Wherein the second polymer composition comprises an aramid polymer free of discrete carbon particles and having at least one masking pigment uniformly dispersed in the second region of the filament;

the yarn has a total content of discrete carbon particles of 0.5 to 5 weight percent.

2. The yarn of claim 1, wherein the bicomponent filament comprises 5 to 50 weight percent of the first polymer composition and 50 to 95 weight percent of the second polymer composition.

3. The yarn of claim 1 or 2, wherein the first polymer composition comprises an aramid polymer containing 0.5 to 10 weight percent of discrete carbon particles.

4. The yarn of claim 1 or 2, wherein the at least one masking pigment is present in the second polymer composition in an amount of 5 to 25 weight percent.

5. The yarn of claim 4, wherein the at least one masking pigment is present in the second polymer composition in an amount of 10 to 20 weight percent.

6. The yarn of claim 1 or 2, wherein the at least one masking pigment is present in the bicomponent filaments in an amount of 2.5 to 24 weight percent.

7. The yarn of claim 1 or 2, wherein the yarn has a total content of discrete carbon particles of 0.5 to 3 weight percent.

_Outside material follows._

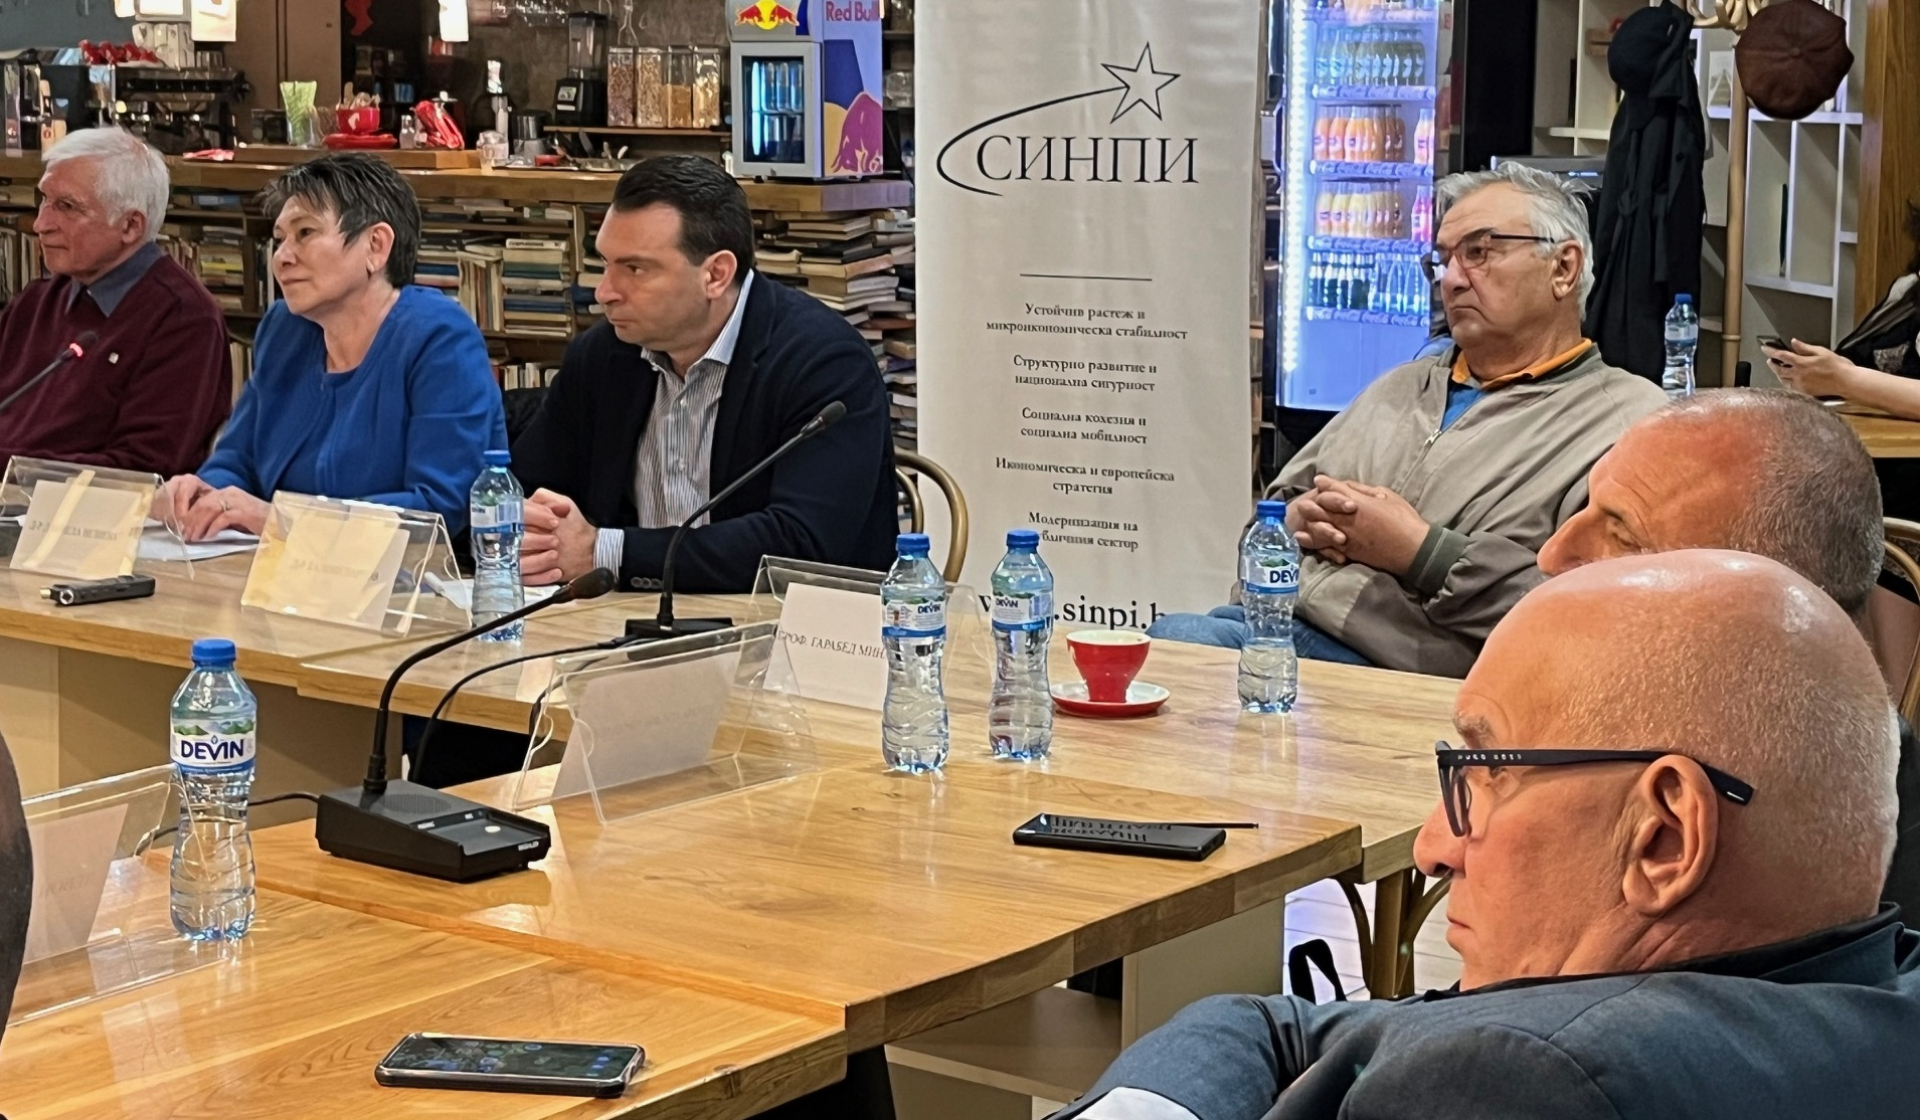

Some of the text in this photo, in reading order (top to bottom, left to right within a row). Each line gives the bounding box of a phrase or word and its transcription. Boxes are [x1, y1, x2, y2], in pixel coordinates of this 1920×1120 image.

8. The yarn of claim 1 or 2, wherein the bicomponent filaments have a sheath-core structure, wherein the first region is the core and the second region is the sheath.

9. The yarn of claim 1 or 2, wherein the bicomponent filaments have a side-by-side structure, wherein the first region is a first side of the filament and the second region is a second side of the filament.

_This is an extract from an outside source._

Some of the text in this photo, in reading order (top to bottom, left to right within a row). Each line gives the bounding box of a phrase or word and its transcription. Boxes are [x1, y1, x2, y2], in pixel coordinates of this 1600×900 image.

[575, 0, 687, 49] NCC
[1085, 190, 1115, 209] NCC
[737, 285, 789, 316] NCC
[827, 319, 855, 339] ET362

10. A fabric comprising the yarn of any one of claims 1 to 9.

11. An article of thermal protection clothing comprising the fabric of claim 10.

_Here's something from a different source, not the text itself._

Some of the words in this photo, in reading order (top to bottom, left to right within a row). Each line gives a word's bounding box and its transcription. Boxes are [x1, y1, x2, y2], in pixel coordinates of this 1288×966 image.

12. An article of thermal protection clothing comprising the yarn of any one of claims 1 to 9.

13. A process for forming a yarn comprising bicomponent filaments wherein each filament comprises a separate core of a first aramid polymer containing carbon particles uniformly dispersed therein and a separate sheath of a second aramid polymer free of discrete carbon particles and having at least one masking pigment uniformly dispersed therein, the sheath surrounding the core; the method comprises the following steps:

a) Forming a first aramid polymer solution containing the first aramid polymer in a solvent, the first aramid polymer solution comprising discrete carbon particles, and forming a second aramid polymer solution of a second aramid polymer free of carbon particles and having at least one masking pigment in the same or a different solvent;

14. The method of claim 13, wherein the step d) of extracting solvent from the plurality of dope filaments to form a yarn comprises the steps of:

ii) quenching the solvent-reduced filaments with an aqueous liquid to cool the filaments to form a yarn of polymeric filaments; and is provided with

iii) Extracting solvent from the yarn of the polymer filaments.

15. The method of claim 13 or 14, wherein the aramid polymer is poly (m-phenylene isophthalamide).

16. A process for forming a yarn comprising bicomponent filaments having a side-by-side structure, wherein each filament comprises a separate first side of a first aramid polymer containing carbon particles uniformly dispersed therein and a separate second side of a second aramid polymer free of carbon particles and having at least one masking pigment uniformly dispersed therein; the method comprises the following steps:

a) Forming a first polymer solution containing the first aramid polymer in a solvent, the first aramid polymer comprising discrete carbon particles, and forming a second aramid polymer solution of a second aramid polymer free of carbon particles and having at least one masking pigment in the same or a different solvent;

17. The method of claim 16, wherein the step d) of extracting solvent from the plurality of dope filaments to form a yarn comprises the steps of:

iii) Extracting solvent from the yarn of the polymer filaments.

18. The method of claim 16 or 17, wherein the aramid polymer is poly (m-phenylene isophthalamide).